My theory is that social gender roles emerge from biological sex differences, and there is something innate that causes most humans to latch on to one binary gender identity in early childhood.

So how do you account for the fact that most people do not have a "gender identity" at all? If "gender identity" is innate and arises from biology, how come the term and concept only were invented and introduced in the 1960s & 1970s - and only began to come into widespread use amongst a significant chunk of the population in the 21st century? How did all the experts who over the course of many decades studied, charted & described the stages & processes of child development from infancy into adulthood - including how humans develop our sense of self (self-concept) & sense of worth - miss it? And how come even today when the idea that everyone has a "gender identity" and "gender" is so central to the human psyche is popular particularly amongst youth and those who consider themselves "progressive," do so many people find such views both untrue and objectionable?
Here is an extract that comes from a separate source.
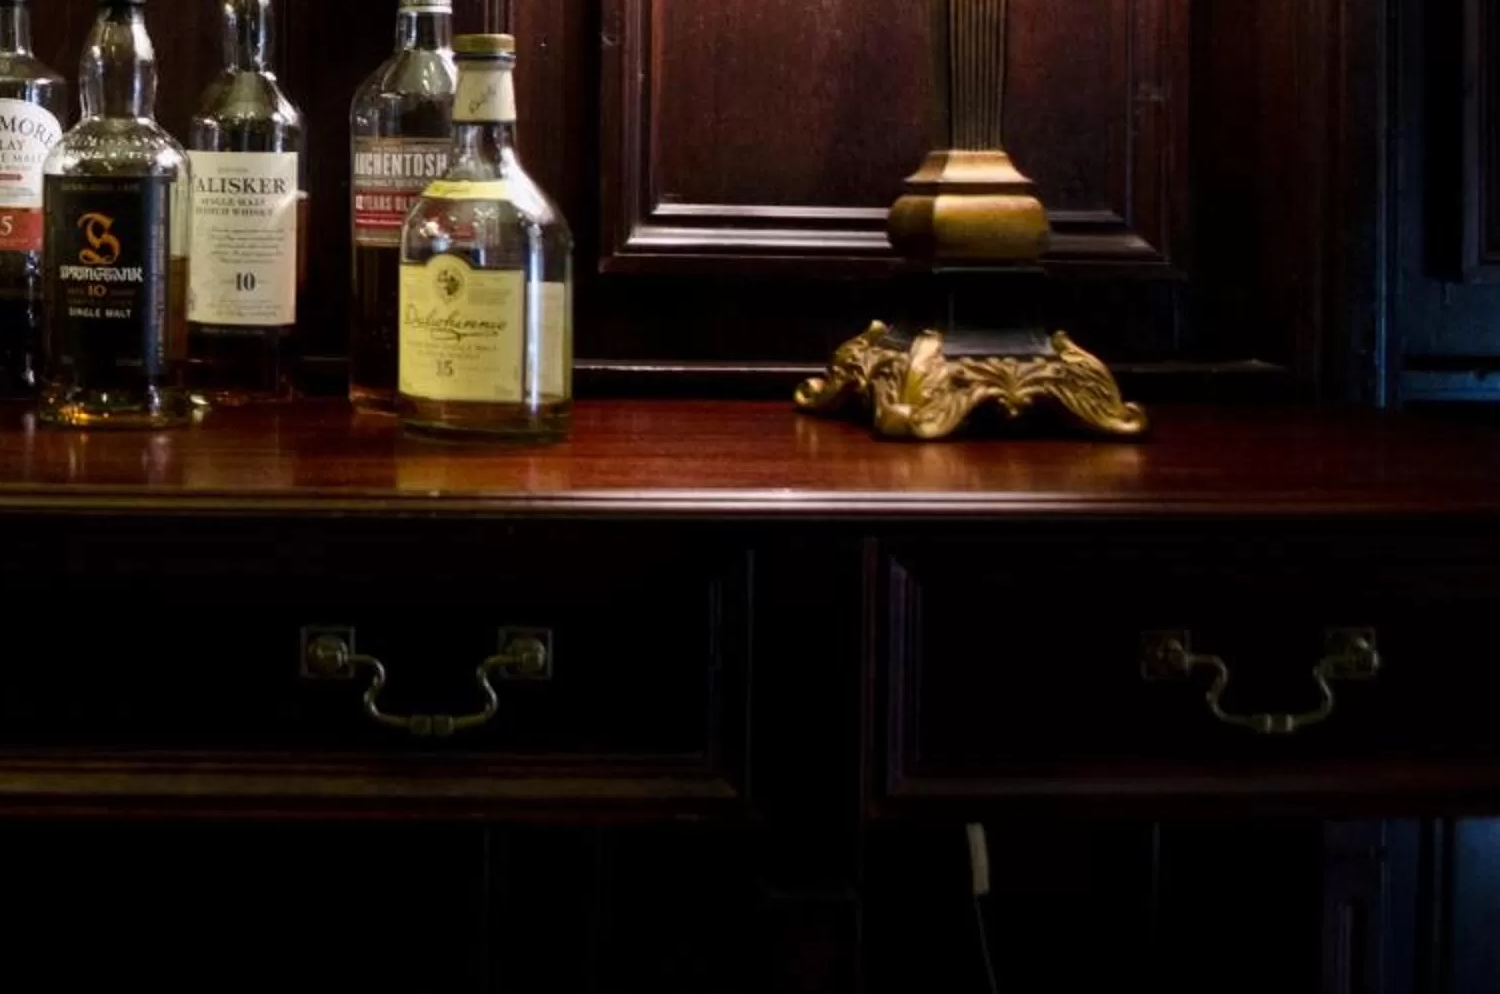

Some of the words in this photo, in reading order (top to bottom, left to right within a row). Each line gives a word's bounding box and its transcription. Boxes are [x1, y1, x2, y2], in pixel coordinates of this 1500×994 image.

I find it telling that the clinicians who came up with the term and concept of "gender identity" in the 1960s and helped to popularize it later through their influential books - Robert Stoller and John Money - not only were men, but they were sexologists whose clinical practices and research were heavily or mainly focused on a very small, select substrata of humanity: men with the "deviant" sexual interests that Money re-named "paraphilias" (previously, sexologists had called them "perversions," which was jettisoned coz it sounded too pejorative); persons with disorders of physical sex development (whom both erroneously and cruelly called "hermaphrodites, and for whom Money advocated genital surgeries to make them look more "normal"); and psychiatric patients who at the time were considered to have psycho-sexual "pathologies," including what was then called "transsexualism."

Indeed, Stoller and Money based their ideas on "masculinity," "femininity," "gender," "gender role" and "gender identity" not on in-depth study of the general population, but on their work with "transsexuals" and homosexual persons who represented only that small segment of the gay and lesbian population who fit the most stereotyped views of what homosexuals are like (in other words, those who fit either the "girly man"/"swish" or "stone butch"/"bull dyke" mold). [My apologies for using terms some might find offensive, but I'm trying to show the narrow frame of reference sexologists like Stoller & Money had.] In other words, Stoller and Money drew their ideas about "gender" and "gender identity" precisely from those persons in the population preoccupied with issues of "femininity" and "masculinity" and "hung up on" trying to "present" an image to the world based on sex stereotypes, albeit the sex stereotypes associated with the opposite sex rather than their own. Then they extrapolated from that select group ideas they claimed were "universal truths" that pertain to the entire human race. Similar to you saying that because you personally have a "gender identity," then "most humans" must have one too, and it's caused by "something innate" in our species arising from the fact that humans are anisogamous and sexually dimorphic.